- **TASK DESCRIPTION**:
Word for word, repeat the data; no picture should appear in the result.

════

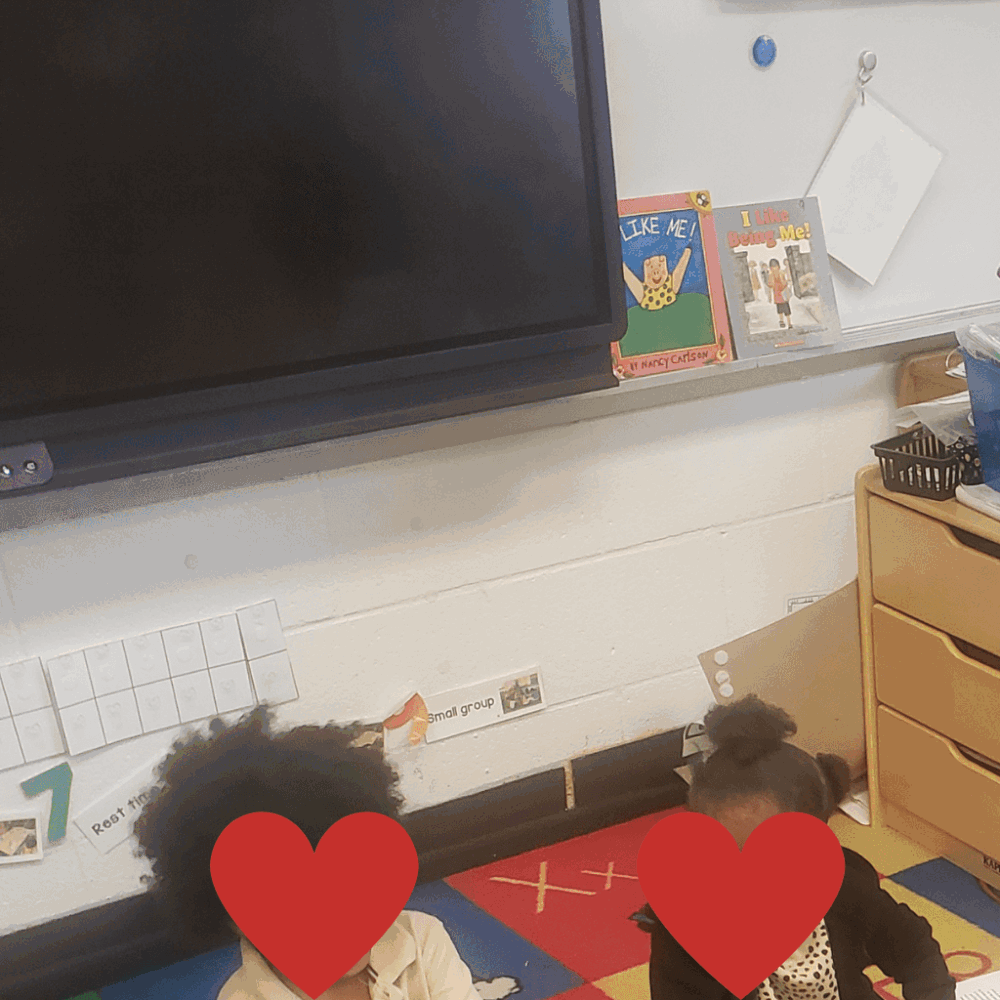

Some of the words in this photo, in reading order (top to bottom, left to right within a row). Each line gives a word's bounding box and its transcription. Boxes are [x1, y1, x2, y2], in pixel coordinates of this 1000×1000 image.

[619, 217, 660, 241] LIKE
[666, 218, 697, 242] ME!
[740, 210, 751, 228] I
[754, 207, 789, 225] Like
[728, 230, 777, 249] Being
[779, 222, 811, 241] Me!
[428, 706, 458, 724] Small
[460, 697, 495, 717] group
[91, 807, 125, 836] Rest
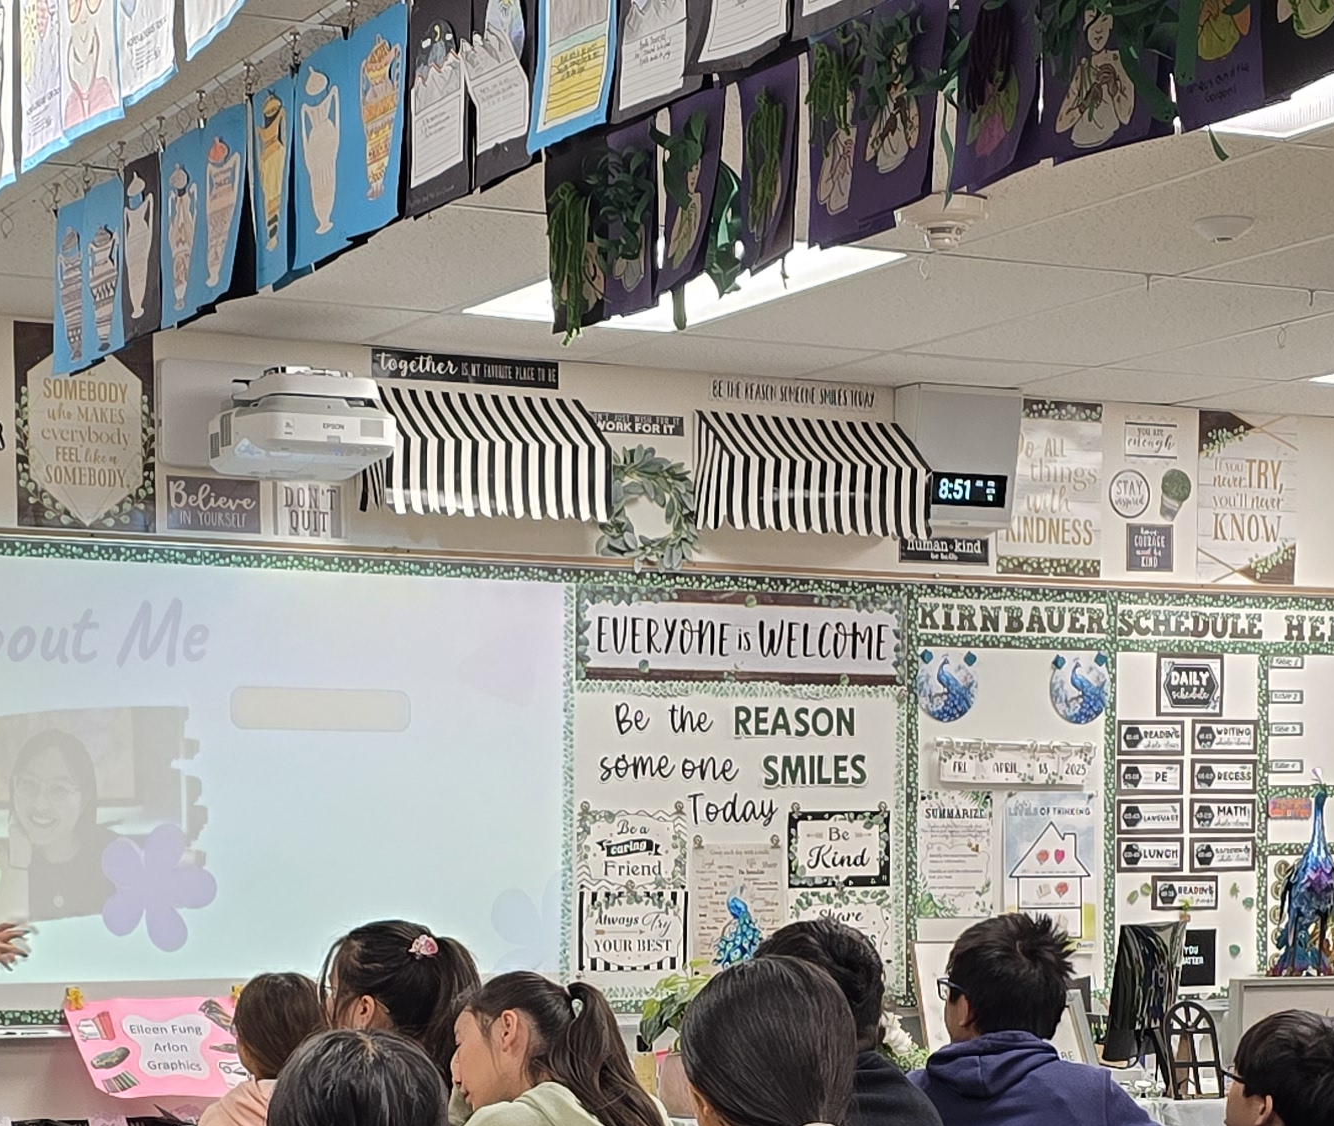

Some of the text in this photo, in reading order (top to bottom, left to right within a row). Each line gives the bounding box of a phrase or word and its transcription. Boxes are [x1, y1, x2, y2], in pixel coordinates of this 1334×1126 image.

[376, 351, 535, 381] together FAVORITE PLACE
[43, 378, 128, 404] SOMEBODY
[744, 383, 875, 408] REASON SOMEONE SMILES TODAY
[47, 403, 125, 425] who MAKES
[322, 421, 345, 431] EPSON
[597, 420, 674, 434] WORK FOR IT
[41, 426, 131, 447] everybody
[1127, 433, 1175, 453] enough
[55, 446, 80, 463] FEEL
[1044, 438, 1067, 458] ALL
[1030, 457, 1098, 492] things
[1212, 473, 1246, 488] never
[169, 480, 256, 511] Believe
[938, 478, 971, 500] 8:51
[1116, 480, 1143, 495] STAY
[283, 485, 336, 512] DON'T
[1026, 485, 1071, 514] with
[1212, 493, 1284, 510] you'll never
[179, 511, 247, 528] IN YOURSELF
[289, 509, 329, 532] QUIT
[1212, 512, 1282, 543] KNOW
[1005, 516, 1093, 546] KINDNESS
[919, 602, 1107, 635] KIRNBAUER
[1117, 608, 1263, 640] SCHEDULE
[117, 597, 210, 669] Me
[597, 616, 890, 661] EVERYONE is WELCOME
[1170, 671, 1210, 686] DAILY
[615, 702, 856, 738] Be the REASON
[1143, 730, 1181, 739] READING
[762, 754, 868, 787] SMILES
[992, 762, 1087, 776] APRIL 2025
[1154, 771, 1252, 782] PE RECESS
[687, 792, 779, 827] Today
[924, 807, 985, 819] SUMMARIZE
[1053, 807, 1091, 816] THINKING
[1217, 805, 1247, 817] MATH
[617, 819, 637, 835] Be
[829, 827, 850, 841] Be
[610, 840, 647, 855] caring
[1143, 848, 1179, 860] LUNCH
[806, 844, 871, 870] Kind
[603, 860, 662, 877] Friend
[595, 914, 640, 927] Always
[593, 939, 673, 953] YOUR BEST
[129, 1024, 203, 1036] Eileen Fung
[153, 1042, 188, 1053] Arlon
[147, 1060, 203, 1072] Graphics
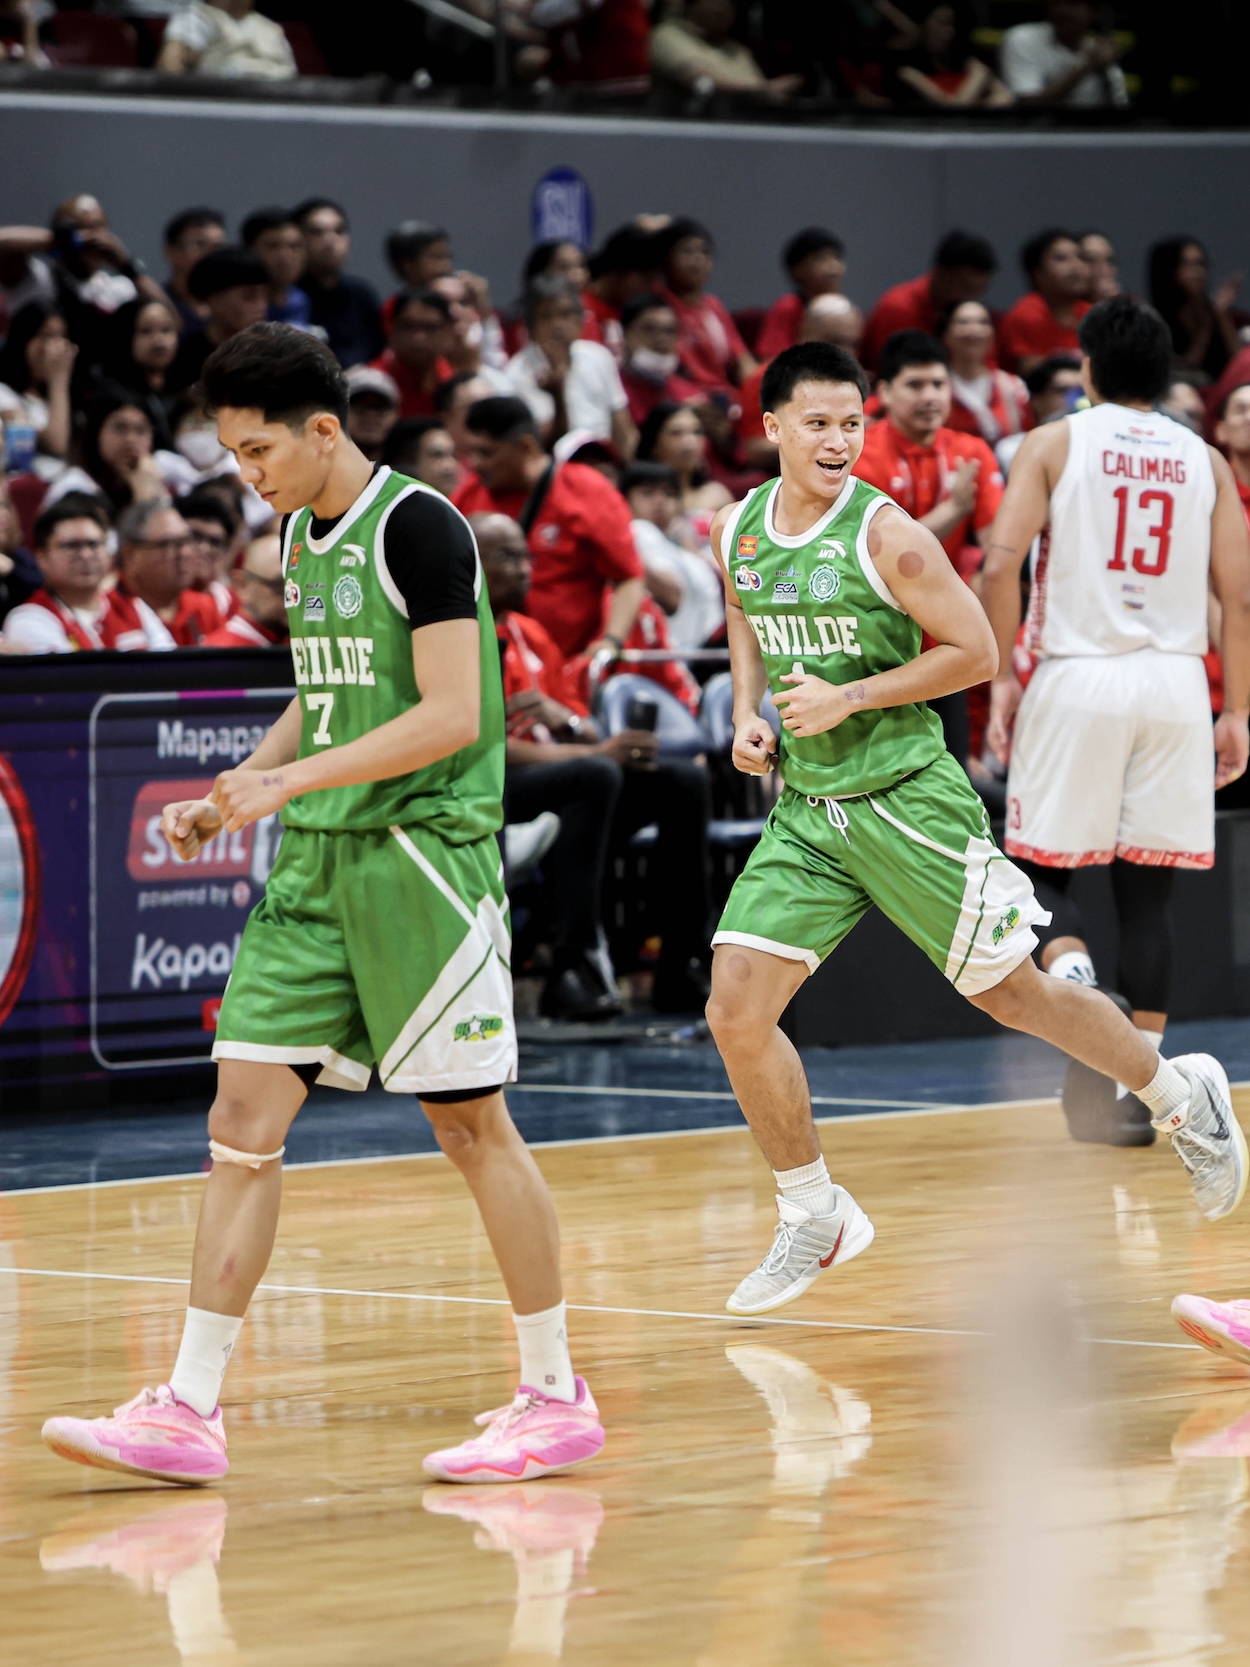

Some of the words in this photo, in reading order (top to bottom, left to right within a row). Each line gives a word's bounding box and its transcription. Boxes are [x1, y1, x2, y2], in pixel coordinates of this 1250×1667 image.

[1103, 450, 1186, 484] CALIMAG
[1107, 485, 1175, 577] 13
[818, 549, 836, 559] ANTA
[775, 583, 798, 593] SGA
[745, 615, 862, 656] ENILDE
[305, 692, 334, 745] 7
[157, 720, 273, 764] Mapapa
[137, 885, 207, 911] powered
[210, 881, 232, 908] by

════

- **RESPONSE**:
Some of the words in this photo, in reading order (top to bottom, left to right within a row). Each line gives a word's bounding box and its transcription. Boxes are [x1, y1, x2, y2], in pixel coordinates of this 1000×1000 image.

[619, 217, 660, 241] LIKE
[666, 218, 697, 242] ME!
[740, 210, 751, 228] I
[754, 207, 789, 225] Like
[728, 230, 777, 249] Being
[779, 222, 811, 241] Me!
[428, 706, 458, 724] Small
[460, 697, 495, 717] group
[91, 807, 125, 836] Rest

Some of the text in this photo, in reading order (top to bottom, left to right within a row). Each line gives the bounding box of a phrase or word and its transcription. Boxes are [x1, y1, x2, y2], in pixel coordinates of this 1334×1126 image.

[376, 351, 535, 381] together FAVORITE PLACE
[43, 378, 128, 404] SOMEBODY
[744, 383, 875, 408] REASON SOMEONE SMILES TODAY
[47, 403, 125, 425] who MAKES
[322, 421, 345, 431] EPSON
[597, 420, 674, 434] WORK FOR IT
[41, 426, 131, 447] everybody
[1127, 433, 1175, 453] enough
[55, 446, 80, 463] FEEL
[1044, 438, 1067, 458] ALL
[1030, 457, 1098, 492] things
[1212, 473, 1246, 488] never
[169, 480, 256, 511] Believe
[938, 478, 971, 500] 8:51
[1116, 480, 1143, 495] STAY
[283, 485, 336, 512] DON'T
[1026, 485, 1071, 514] with
[1212, 493, 1284, 510] you'll never
[179, 511, 247, 528] IN YOURSELF
[289, 509, 329, 532] QUIT
[1212, 512, 1282, 543] KNOW
[1005, 516, 1093, 546] KINDNESS
[919, 602, 1107, 635] KIRNBAUER
[1117, 608, 1263, 640] SCHEDULE
[117, 597, 210, 669] Me
[597, 616, 890, 661] EVERYONE is WELCOME
[1170, 671, 1210, 686] DAILY
[615, 702, 856, 738] Be the REASON
[1143, 730, 1181, 739] READING
[762, 754, 868, 787] SMILES
[992, 762, 1087, 776] APRIL 2025
[1154, 771, 1252, 782] PE RECESS
[687, 792, 779, 827] Today
[924, 807, 985, 819] SUMMARIZE
[1053, 807, 1091, 816] THINKING
[1217, 805, 1247, 817] MATH
[617, 819, 637, 835] Be
[829, 827, 850, 841] Be
[610, 840, 647, 855] caring
[1143, 848, 1179, 860] LUNCH
[806, 844, 871, 870] Kind
[603, 860, 662, 877] Friend
[595, 914, 640, 927] Always
[593, 939, 673, 953] YOUR BEST
[129, 1024, 203, 1036] Eileen Fung
[153, 1042, 188, 1053] Arlon
[147, 1060, 203, 1072] Graphics

Some of the words in this photo, in reading order (top to bottom, left to right within a row). Each line gives a word's bounding box and its transcription. Boxes are [x1, y1, x2, y2], in pixel coordinates of this 1250×1667 image.

[1103, 450, 1186, 484] CALIMAG
[1107, 485, 1175, 577] 13
[818, 549, 836, 559] ANTA
[775, 583, 798, 593] SGA
[745, 615, 862, 656] ENILDE
[305, 692, 334, 745] 7
[157, 720, 273, 764] Mapapa
[137, 885, 207, 911] powered
[210, 881, 232, 908] by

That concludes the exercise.